難聴亭日乗

つれづれなるままに その日ぐらし

本当だよ

「ま、いいや」で流すの、ストレス軽減のためにすごく大事だ。よくよく考えてみれば多くのことはどうでもいい。

もともとそういう身軽な人間だったはずなのだけど、いつの間にかたくさん荷物を背負っていた。全部持てますよなんてカッコつけちゃダメだ。重たすぎてイラついて、むしろカッコ悪いじゃないか。いらないものは置いて行こう。といった感じの最近。

 

伊藤雄馬『ムラブリ』読んだ。

以前読んだエヴェレット『ピダハン』に似ているが、あれにはかなり言語学的に込み入った話があったので、こちらの方が読みやすい。言語学あんまり馴染みないよっていう人でも楽しめそう。タイやラオスの山岳地帯に住む少数民族ムラブリの言葉を研究する言語学者の話。

 

ムラブリ語には「おはよう」「こんにちは」などの挨拶がない。その代わりに「ごはん食べた?」とか「どこ行くの?」と言ったりする。が、そもそもは言葉で挨拶することはなく、目が合うと顎をスッと上げる動作をするだけでいいらしい。

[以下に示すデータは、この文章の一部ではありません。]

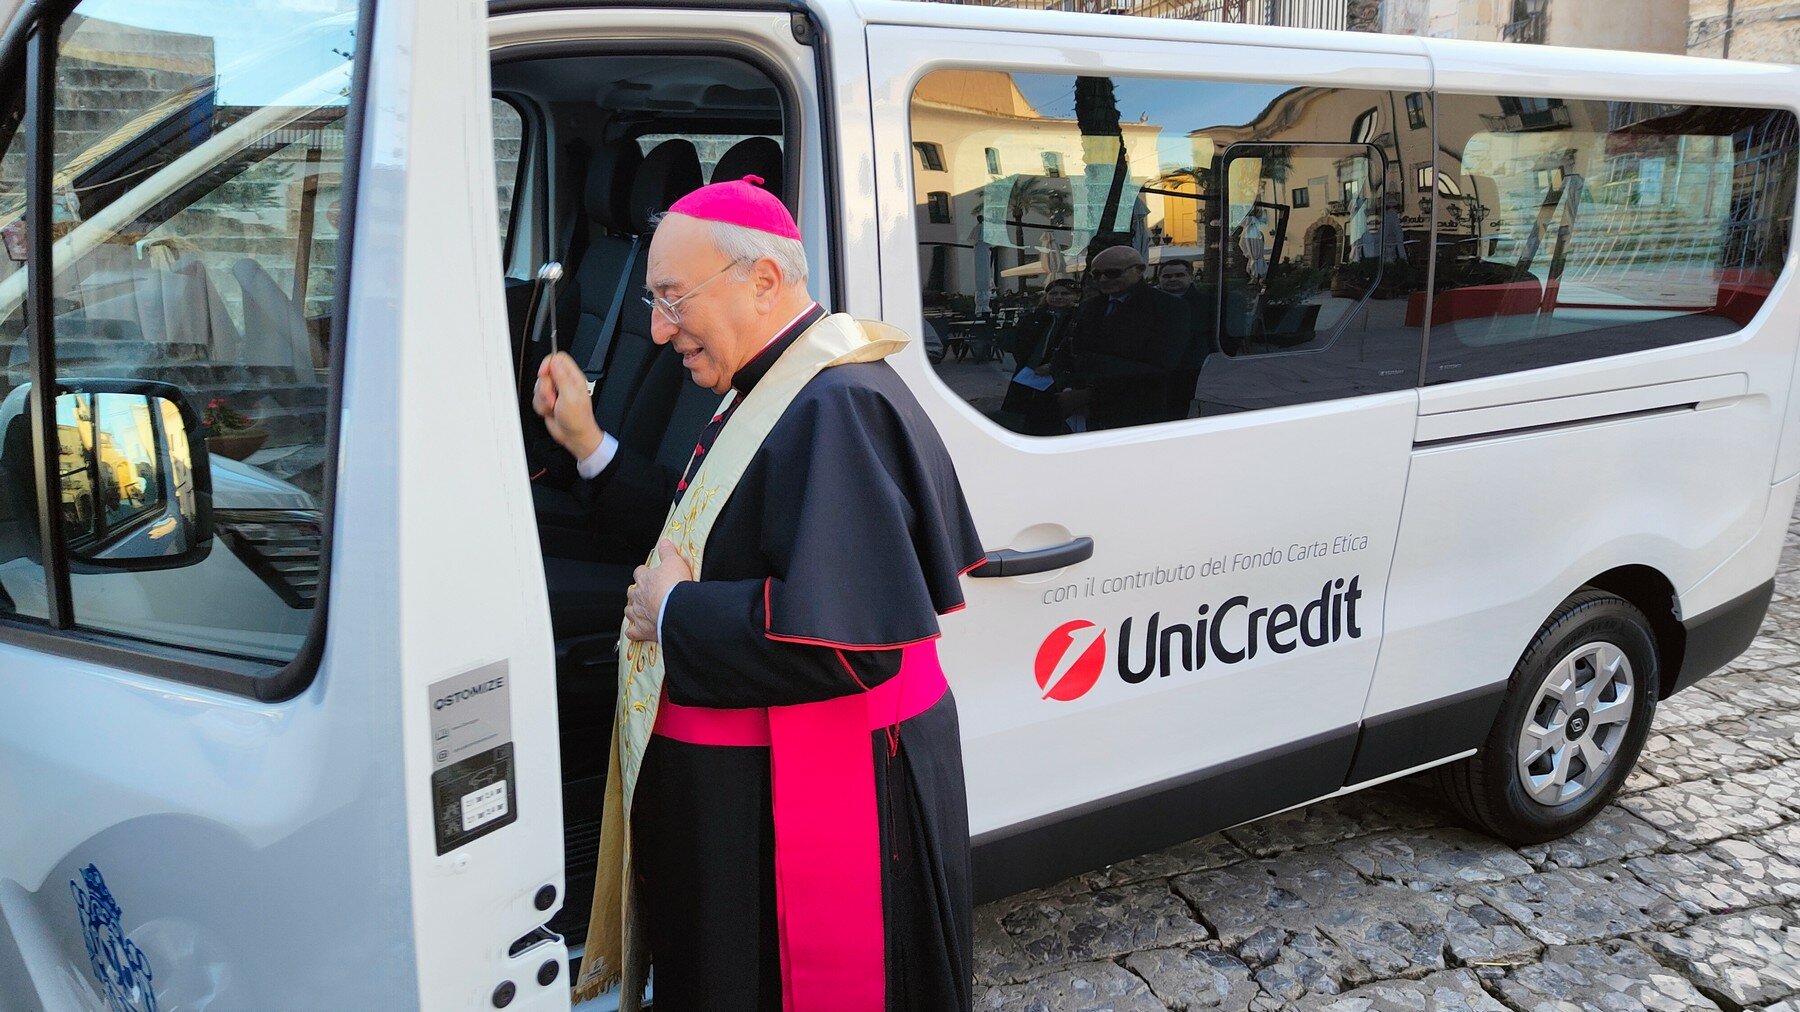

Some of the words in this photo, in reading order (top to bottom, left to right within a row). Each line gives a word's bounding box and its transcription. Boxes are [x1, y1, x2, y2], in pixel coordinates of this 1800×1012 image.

[1043, 584, 1077, 605] con
[1085, 576, 1096, 598] il
[1102, 563, 1195, 595] contributo
[1201, 555, 1227, 577] del
[1232, 547, 1283, 572] Fondo
[1287, 541, 1328, 562] Carta
[1332, 533, 1368, 555] Etica
[1117, 574, 1363, 684] UniCredit

あえて言葉で挨拶する場合、「ごはん食べた?」や「どこ行くの?」と質問する。それには「えーと、とくにどこに行くとかはないけど、あえて言うなら散歩かな」と厳密に答える必要はない。内容は重要ではなく、適当なタイミングで「畑に行く」とか言えば違和感がない。

そんな感じでいいんだ、不思議。と思って読み進めると、そこから「言語は意味のある情報を交換するためにあるのではない」と展開されていた。

 

確かによく考えると日本語でも「おはよう」と言われて「いや、今日はけっこう遅めですよ」と返す必要はない。まったく意味のないやりとりだ。ならば、「おはよう」の交換は別に必要ないのでは?となってくる。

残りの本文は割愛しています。